Il sistema commerciale internazionale deve evolvere per supportare il raggiungimento degli obiettivi sul clima dell’Accordo di Parigi. Deve riflettere le nuove priorità politiche e geopolitiche e rompere alcuni tabù, a partire dal riconoscimento del legittimo ruolo della politica industriale e di politiche di tutela come i sussidi. Le riflessioni dei ricercatori RFF su ENERGIA 2.24.
La lotta ai cambiamenti climatici è per definizione globale e multidimensionale, cooperativa e competitiva al contempo. La cooperazione necessaria per affrontare questa sfida, che trova massima espressione nelle COP, affianca ma non sostituisce infatti la tradizionale competizione tra i paesi: economica, geopolitica, industriale e commerciale.

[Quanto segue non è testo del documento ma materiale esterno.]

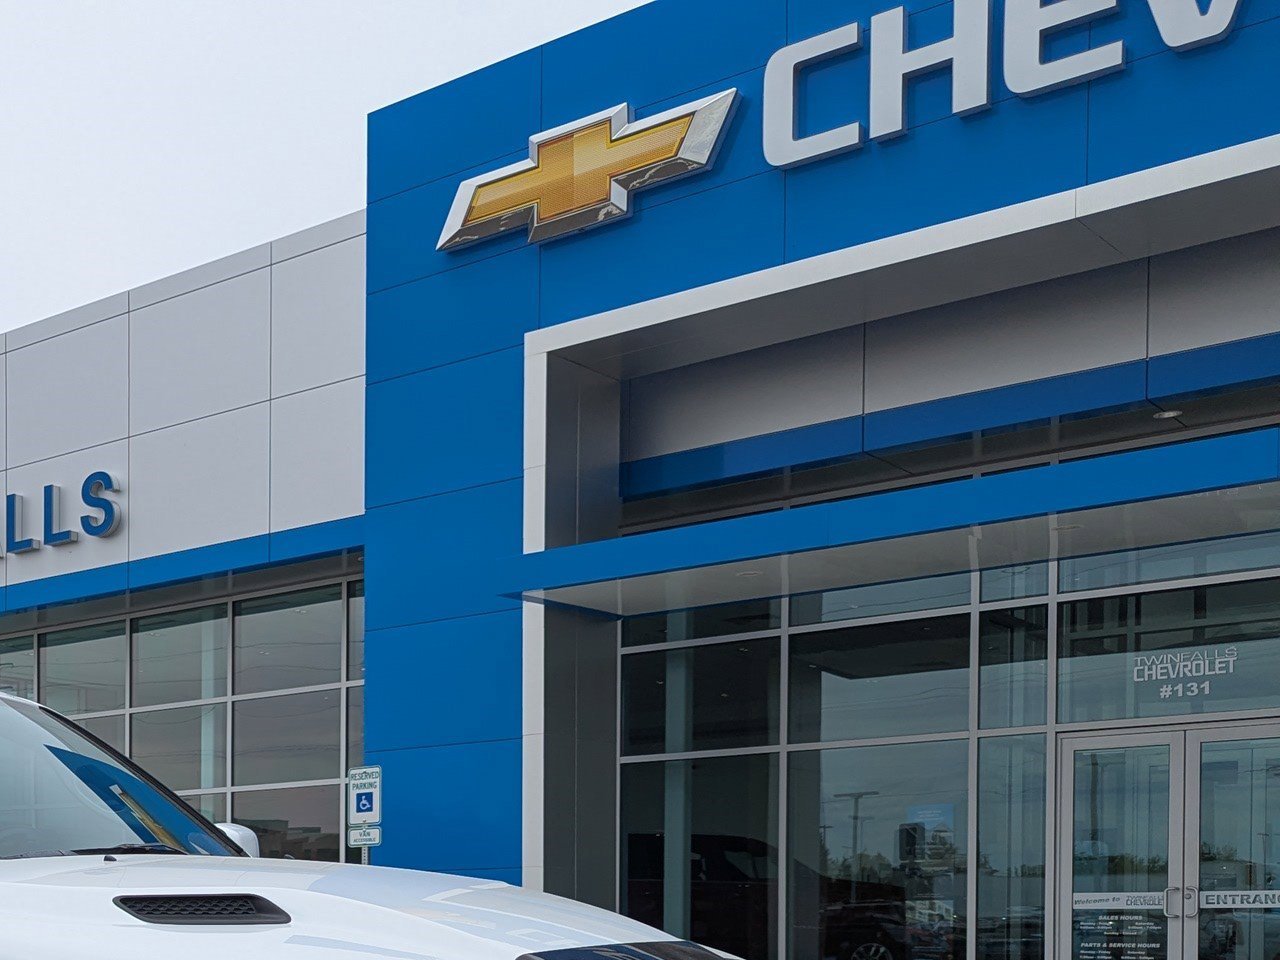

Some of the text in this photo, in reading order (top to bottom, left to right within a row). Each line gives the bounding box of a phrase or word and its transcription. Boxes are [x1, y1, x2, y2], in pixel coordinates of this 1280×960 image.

Ognuna di queste dimensioni comporta ostacoli nel percorso di transizione energetica, azioni e reazioni, capaci di rallentarla se non farla deragliare. Se le implicazioni geopolitiche sono state, almeno in parte, tenute in considerazione, quelle commerciali e industriali sono state quasi totalmente, colpevolmente, trascurate.
Decisioni epocali, come l’Accordo di Parigi, paiono essere state prese «al buio», ignorando elementi cardine del rapporto tra gli Stati. Il percorso verso il raggiungimento degli obiettivi climatici deve ora essere ripensato alla luce del riaffiorare di priorità nazionali, come la sicurezza energetica e la tutela industriale.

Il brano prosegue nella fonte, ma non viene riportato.